Aside from the fact that the so-called pro tennis players in Wimbledon have the scrawniest legs in tennis history, this is a serviceable romantic comedy mixed together with a sports movie. It was probably meant to be a spotlight for Kirsten Dunst (Spider-Man 2, Eternal Sunshine of the Spotless Mind) given her newfound superstardom, but serves more as a great chance for more people to get a look at Paul Bettany (Dogville, The Reckoning). Bettany has been in high profile films before (most notably at Russell Crowe's sidekick in both Master and Commander and A Beautiful Mind) but Wimbledon gives Bettany his chance to hog the camera as Peter Colt, a washed up tennis star once ranked 11th in the world.

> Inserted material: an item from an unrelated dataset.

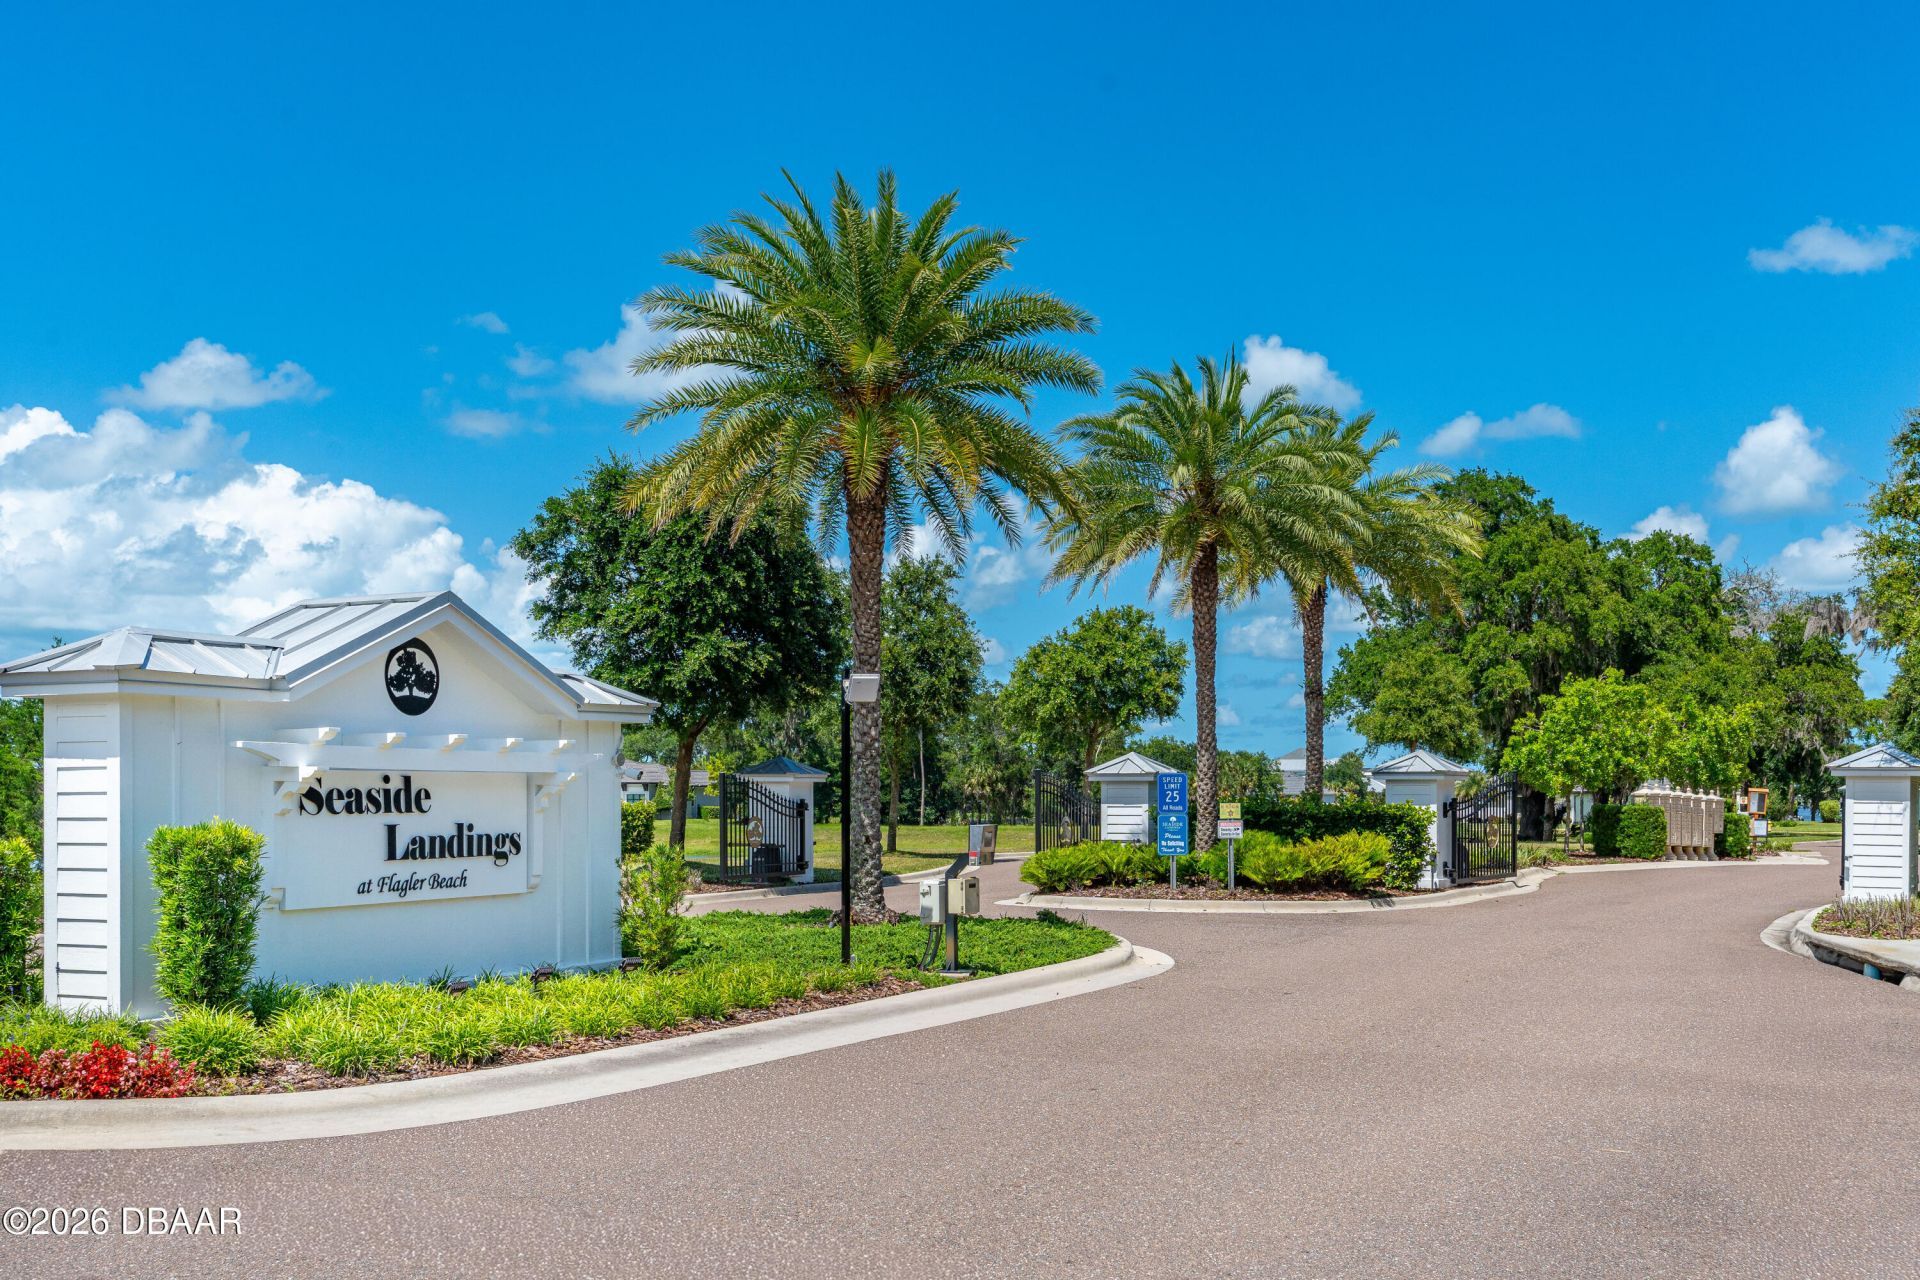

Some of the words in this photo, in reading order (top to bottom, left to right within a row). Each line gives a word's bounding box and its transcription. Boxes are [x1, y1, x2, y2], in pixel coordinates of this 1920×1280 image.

Colt is assuming that this is his last Wimbledon, and is readying to announce his retirement. After, he plans to take a job teaching tennis at a posh club. Not that exciting, but it will pay the bills. Then he meets Lizzie Bradbury, a rising star from America coming to her first Wimbledon. Everybody has high expectations for her, especially her overbearing father Dennis (Sam Neill, Jurassic Park III, Dirty Deeds). The attraction is immediate, and oddly enough, Colt, who has not beaten a seeded player in years, begins winning. Dennis hates this distraction, and bans the two from interacting. This only makes them want to spend more time together, and as they do, Colt's winning streak continues.

There are no surprises in Wimbledon. Screenwriters Adam Brooks (The Invisible Circus, Practical Magic), and Jennifer Flackett and Mark Levin (Madeline) mine conventions from romantic comedies, sports movies, and even English films (what with the cutely eccentric supporting cast, this time Colt's family). Dunst and Bettany are cute separately, but do not have that much chemistry together. However, they are good enough to make people overlook the utter preposterousness of the plot. The story has too much of a manufactured feel to it, as if it is trying too hard to connect the relationship to the game.

The one thing that director Richard Loncraine (Richard III, Bellman and True) does is he tries to get the viewer inside the head of the player. With so much going on, the slightest thing can psyche them out, especially on the court. Loncraine plays camera trick, zooming in and out quickly, throws in voice over, and some other things that only annoys the audience instead of his intended effect. The tennis scenes are decent, as is a small role by Jon Favreau (Something's Gotta Give, Elf) as Colt's unscrupulous agent. Otherwise, everything is very predictable.

Haro Rates It: Not That Good.
1 hour, 40 minutes, Rated PG-13 for language, sexuality, and partial nudity.